START SUPPLIED MATERIAL

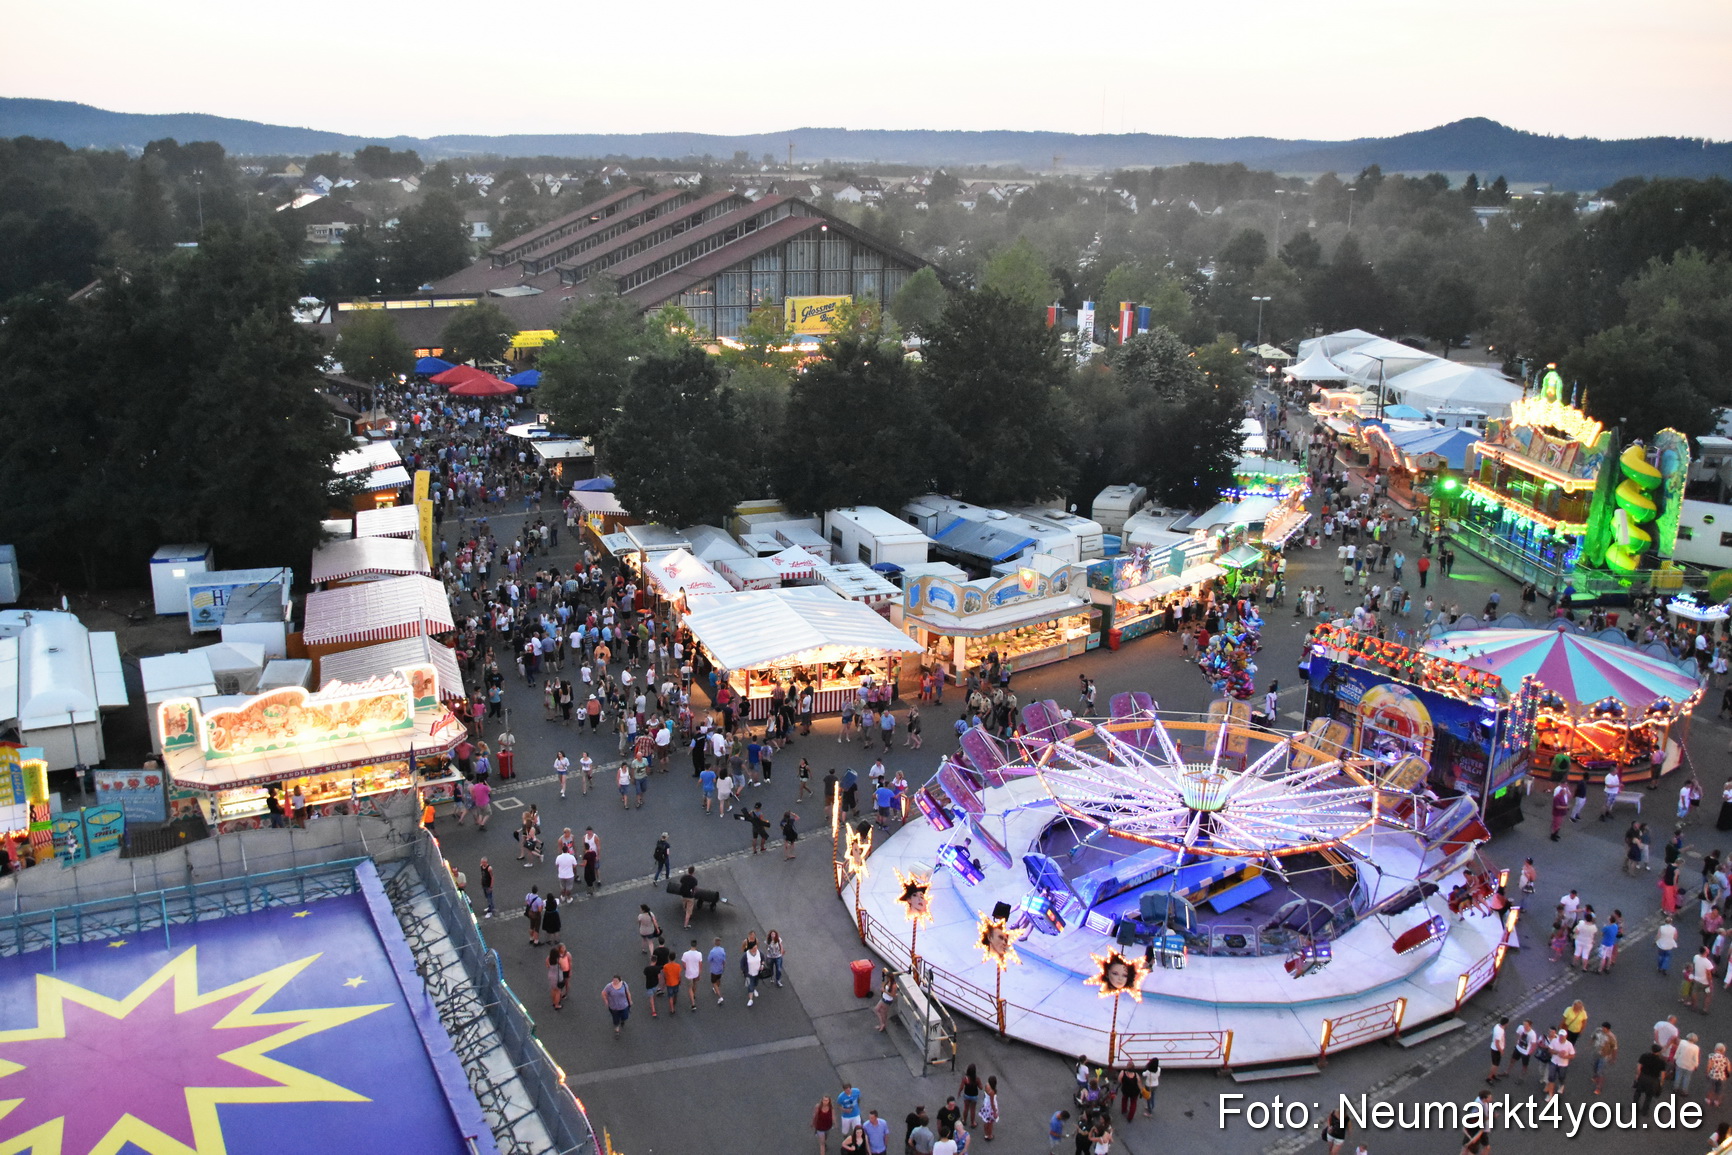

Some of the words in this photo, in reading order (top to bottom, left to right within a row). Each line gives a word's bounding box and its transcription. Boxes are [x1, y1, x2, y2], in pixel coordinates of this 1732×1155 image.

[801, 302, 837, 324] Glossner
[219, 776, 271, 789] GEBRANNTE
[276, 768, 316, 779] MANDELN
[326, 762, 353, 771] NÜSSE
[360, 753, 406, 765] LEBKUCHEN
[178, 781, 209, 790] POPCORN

END SUPPLIED MATERIAL

An exact copy of the records above is needed, with the pictures removed.

Some of the words in this photo, in reading order (top to bottom, left to right within a row). Each line gives a word's bounding box and its transcription. Boxes are [x1, y1, x2, y2], in pixel coordinates of this 1732×1155 image.

[801, 302, 837, 324] Glossner
[219, 776, 271, 789] GEBRANNTE
[276, 768, 316, 779] MANDELN
[326, 762, 353, 771] NÜSSE
[360, 753, 406, 765] LEBKUCHEN
[178, 781, 209, 790] POPCORN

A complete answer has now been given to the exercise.